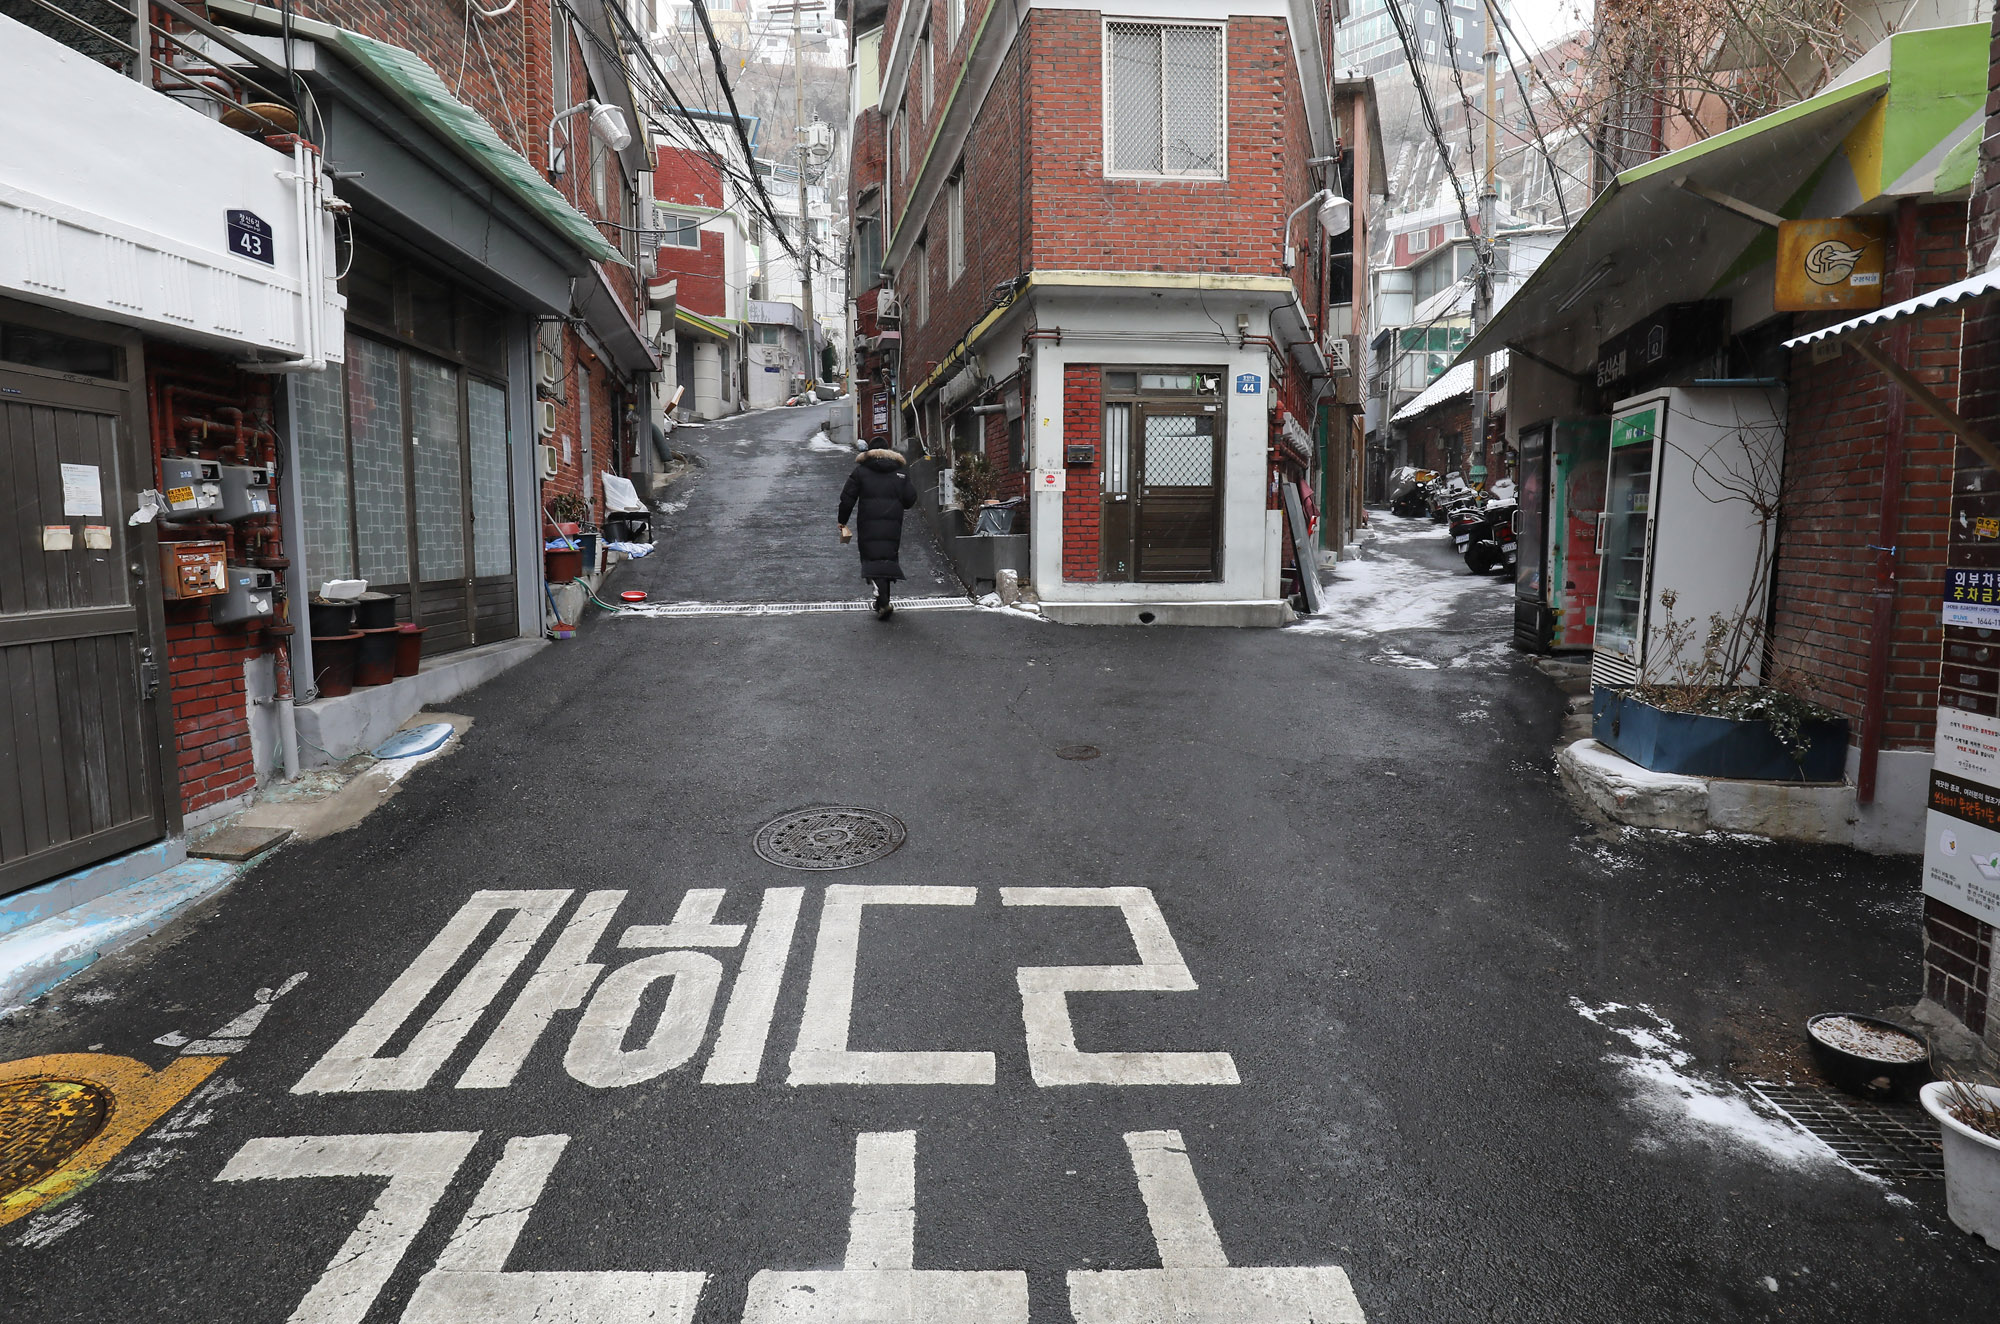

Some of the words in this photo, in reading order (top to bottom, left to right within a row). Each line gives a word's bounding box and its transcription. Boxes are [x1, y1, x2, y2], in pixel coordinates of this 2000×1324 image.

[241, 233, 262, 255] 43
[1242, 384, 1255, 393] 44
[1935, 780, 1949, 790] 깨끗한
[1963, 788, 1984, 801] 여러분의
[1934, 791, 1957, 808] 쓰레기
[1959, 797, 1995, 824] 무단투기는

### About this exercise
All of the data must be set down exactly, with no pictures included.

### Answer section
Some of the words in this photo, in reading order (top to bottom, left to right within a row). Each line gives a word's bounding box and its transcription. Boxes are [x1, y1, x2, y2], in pixel coordinates of this 2000×1324 image.

[241, 233, 262, 255] 43
[1242, 384, 1255, 393] 44
[1935, 780, 1949, 790] 깨끗한
[1963, 788, 1984, 801] 여러분의
[1934, 791, 1957, 808] 쓰레기
[1959, 797, 1995, 824] 무단투기는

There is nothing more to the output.